Accessing and Using Online Physics Resources
--------------------------------------------

(I) Particle Physics Databases

        The Full Listings of the Review of Particle Properties (RPP), as
well as other particle physics databases, are accessible on-line.  Here is
a summary of the major ones, as described in the RPP:

(A) SLAC Databases

PARTICLES   - Full listings of the RPP
HEP         - Guide to particle physics preprints, journal articles, reports,
              theses, conference papers, etc.
CONF        - Listing of past and future conferences in particle physics
HEPNAMES    - E-mail addresses of many HEP people
INST        - Addresses of HEP institutions
DATAGUIDE   - Adjunct to HEP, indexes papers
REACTIONS   - Numerical data on reactions (cross-sections, polarizations, etc)
EXPERIMENTS - Guide to current and past experiments

Anyone with a SLAC account can access these databases.  Alternately, most
of us can access them via QSPIRES.  You can access QSPIRES via BITNET with
the 'send' command ('tell','bsend', or other system-specific command) or by
using E-mail.  For example, send QSPIRES@SLACVM FIND TITLE Z0 will get you
a search of HEP for all papers which reference the Z0 in the title.  By
E-mail, you would send the one line message "FIND TITLE Z0" with a blank
subject line to QSPIRES@SLACVM.BITNET or QSPIRES@VM.SLAC.STANFORD.EDU.
QSPIRES is free.  Help can be obtained by mailing "HELP" to QSPIRES.

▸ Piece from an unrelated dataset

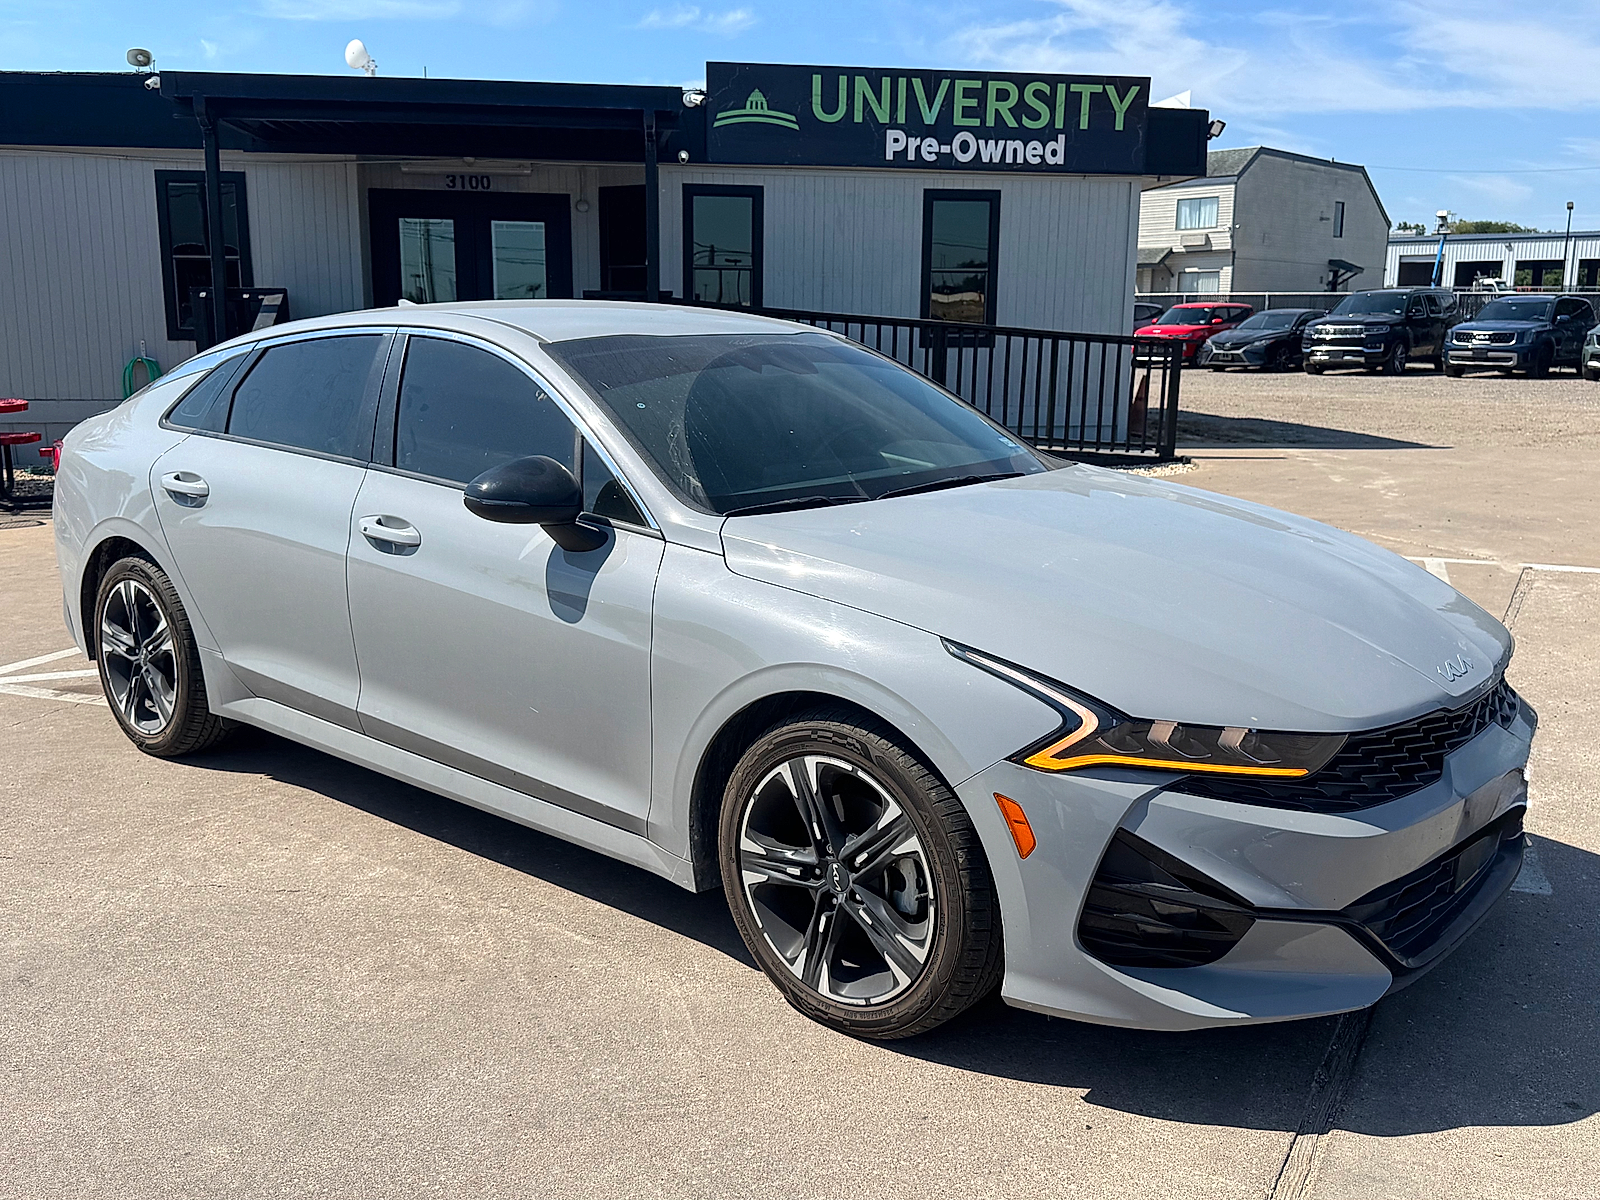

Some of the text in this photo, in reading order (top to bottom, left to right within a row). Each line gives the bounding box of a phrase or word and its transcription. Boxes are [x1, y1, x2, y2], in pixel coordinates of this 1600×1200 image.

[812, 74, 1139, 130] UNIVERSITY
[885, 129, 1066, 165] Pre-Owned
[446, 175, 491, 189] 3100

For more detailed information, see the RPP, p.I.12, or contact: Louise
Addis (ADDIS@SLACVM.BITNET) or Harvey Galic (GALIC@SLACVM.BITNET).

(B) CERN Databases on ALICE

LIB         - Library catalogue of books, preprints, reports, etc.
PREP        - Subset of LIB containing preprints, CERN publications, and
              conference papers.
CONF        - Subset of LIB containing upcoming and past conferences since 1986
DIR         - Directory of Research Institutes in HEP, with addresses, fax,
              telex, e-mail addresses, and info on research programs

ALICE can be accessed via DECNET or INTERNET.  It runs on the CERN library's
VXLIB, alias ALICE.CERN.CH (IP# 128.141.201.44).  Use Username ALICE (no
password required.)  Remote users with no access to the CERN Ethernet can
use QALICE, similar to QSPIRES.  Send E-mail to QALICE@VXLIB.CERN.CH, put
the query in the subject field and leave the message field black.  For
more information, send the subject "HELP" to QALICE or contact CERN
Scientific Information Service, CERN, CH-1211 Geneva 23, Switzerland,
or E-mail MALICE@VXLIB.CERN.CH.

Regular weekly or monthly searches of the CERN databases can be arranged
according to a personal search profile.  Contact David Dallman, CERN SIS
(address above) or E-mail CALLMAN@CERNVM.CERN.CH.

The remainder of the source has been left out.